Closed un-lock-me closed 6 years ago
Could you elaborate how would you use it?
Actually this is my question. To explain in detail, I am using LDA model as topic modeling the next step for me is to evaluate my model. I couldnt figure out how can I do this, then found your code. My question is that according to your experiences can I use ur eval class and in which part they may be different. May I ask you to explain about this?
Thanks
I see. You are asking how to use classEval.py. Yeah it's a quite general code. You prepare the training and test file as the libsvm format: class-label feature-index:value feature-index:value .... class-label feature-index:value feature-index:value .... ......
Note that feature-index should start from 1. You may also need to change the hard-coded file name template to match your file names.
Many thanks for taking the time, even if I want to use naive Bayesian as the evaluator it is ok so? Actually I want to use this LDA code, http://scikit-learn.org/stable/auto_examples/applications/topics_extraction_with_nmf_lda.html May I ask you to have a glance on that, I just want to be sure it is okay to stick with your code and settings, Again thanks for your useful explanations and sharing your information :)
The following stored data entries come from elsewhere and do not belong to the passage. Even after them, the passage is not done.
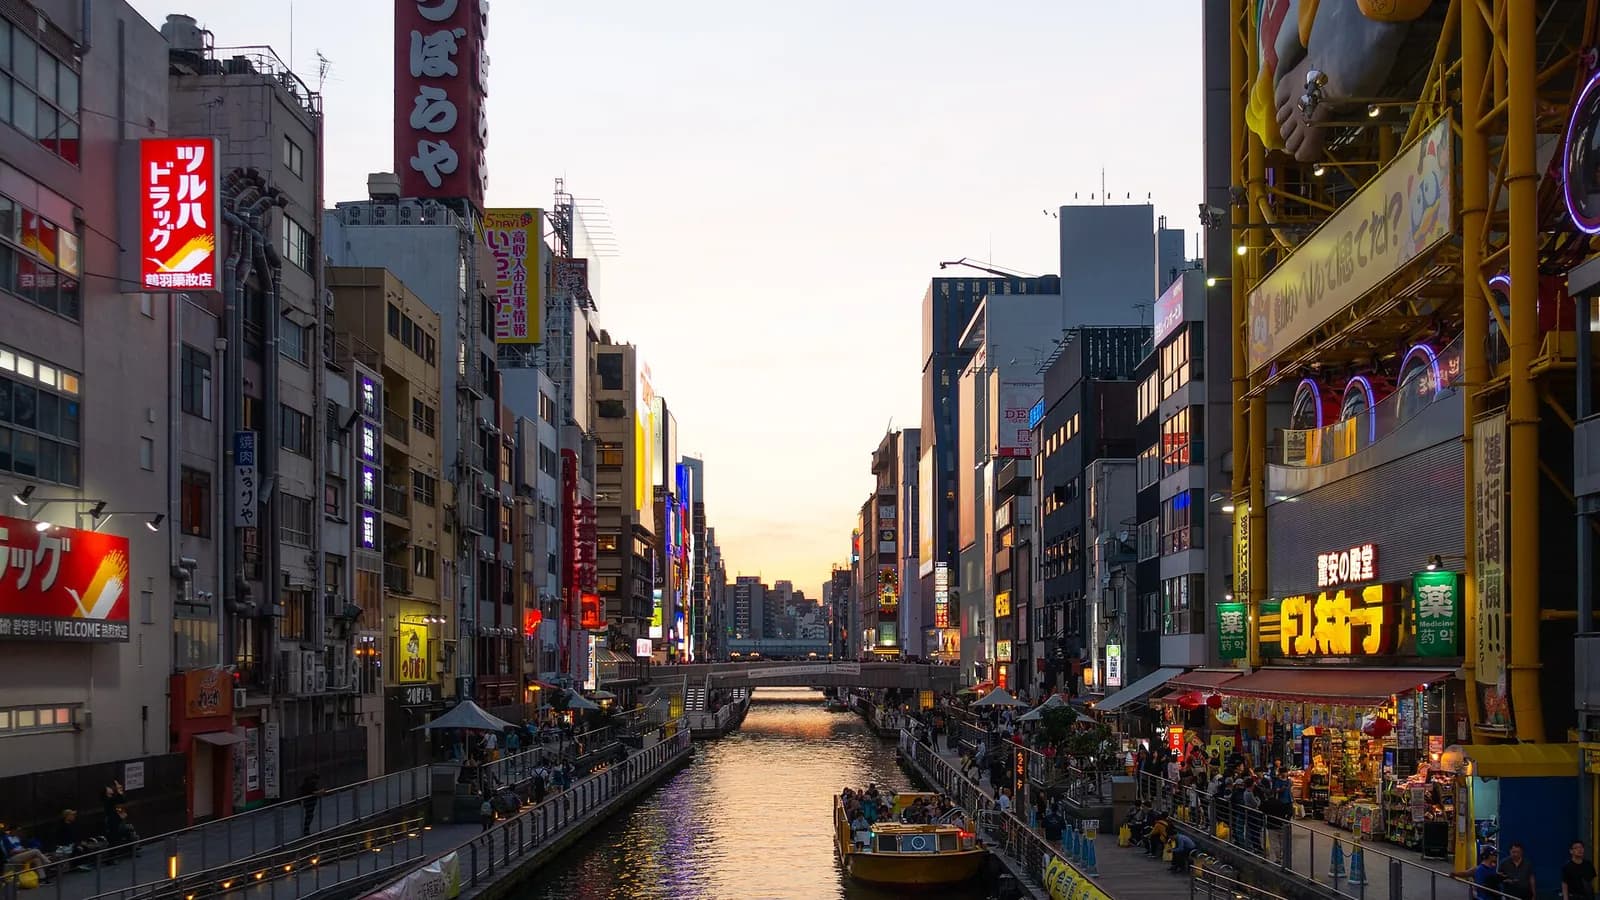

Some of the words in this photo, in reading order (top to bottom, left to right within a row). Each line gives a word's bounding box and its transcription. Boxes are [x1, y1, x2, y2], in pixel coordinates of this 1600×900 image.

[176, 146, 207, 230] ツルハ
[149, 161, 175, 252] ドラッグ
[512, 230, 526, 337] 高収入お仕事情報
[239, 432, 254, 465] 焼肉
[1317, 544, 1374, 587] 驚安の殿堂
[1418, 584, 1454, 618] 薬
[13, 618, 53, 636] 환영합니다
[54, 621, 101, 638] WELCOME
[1220, 611, 1244, 633] 薬
[1420, 629, 1435, 644] 药
[1440, 628, 1454, 644] 약
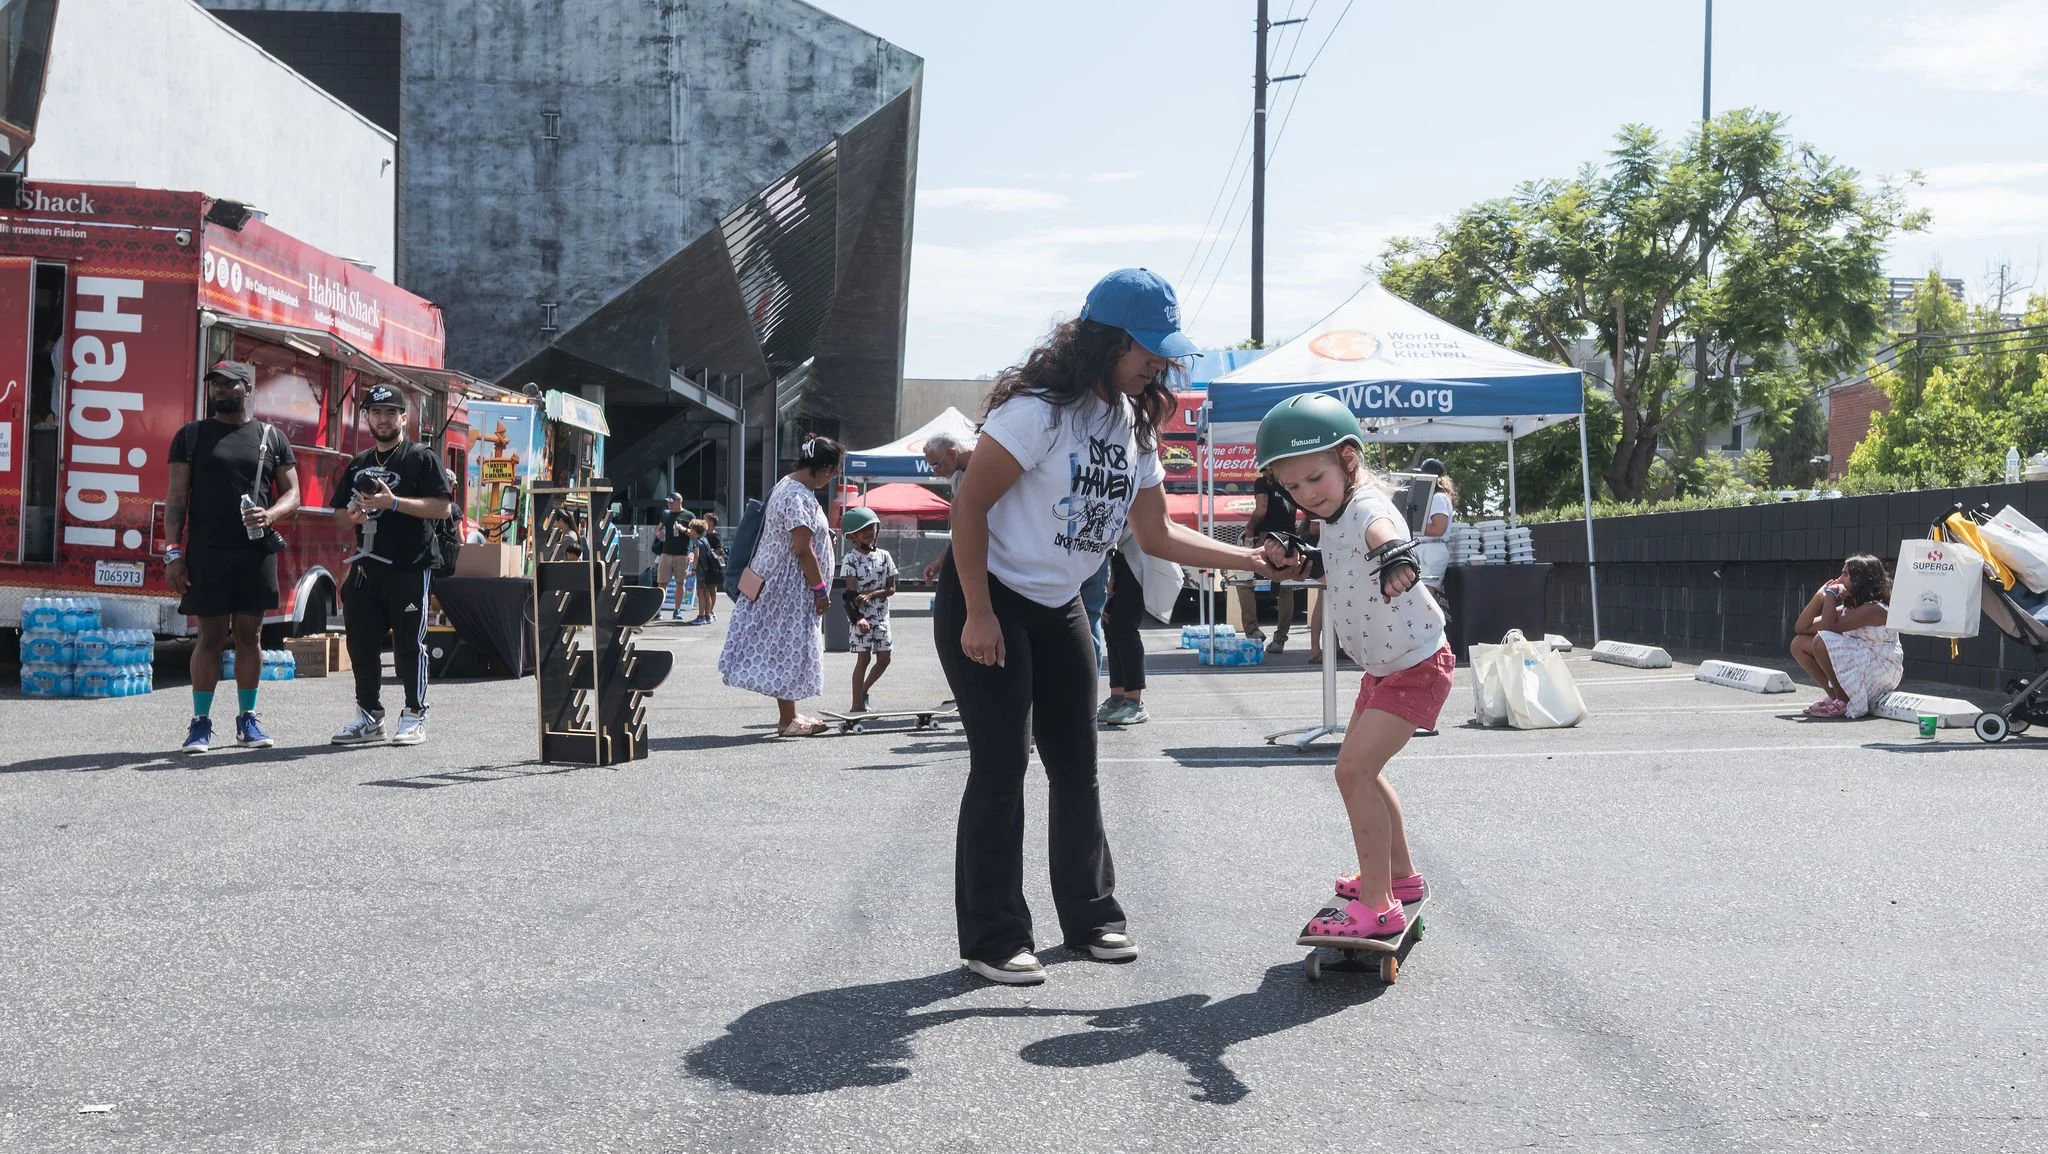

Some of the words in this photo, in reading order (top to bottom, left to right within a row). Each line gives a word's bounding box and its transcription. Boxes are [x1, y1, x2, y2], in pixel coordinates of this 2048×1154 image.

Yeah you could use Naive Bayes as the classifier, but you have to change LinearSVC to naive_bayes. Also if some methods you are evaluating use real feature values, then naive bayes may not handle them. (AFAIK naive bayes only handles integer feature values.)
In terms of the LDA implementation, I think you could use any implementations. What matters is the output.
you helped me a lot thank you, I will try this week on this, if I face difficulty I will ask,
Thank u also very much
No problem. you are welcome
Do you think I can use your class eval for my LDA model?
Thanks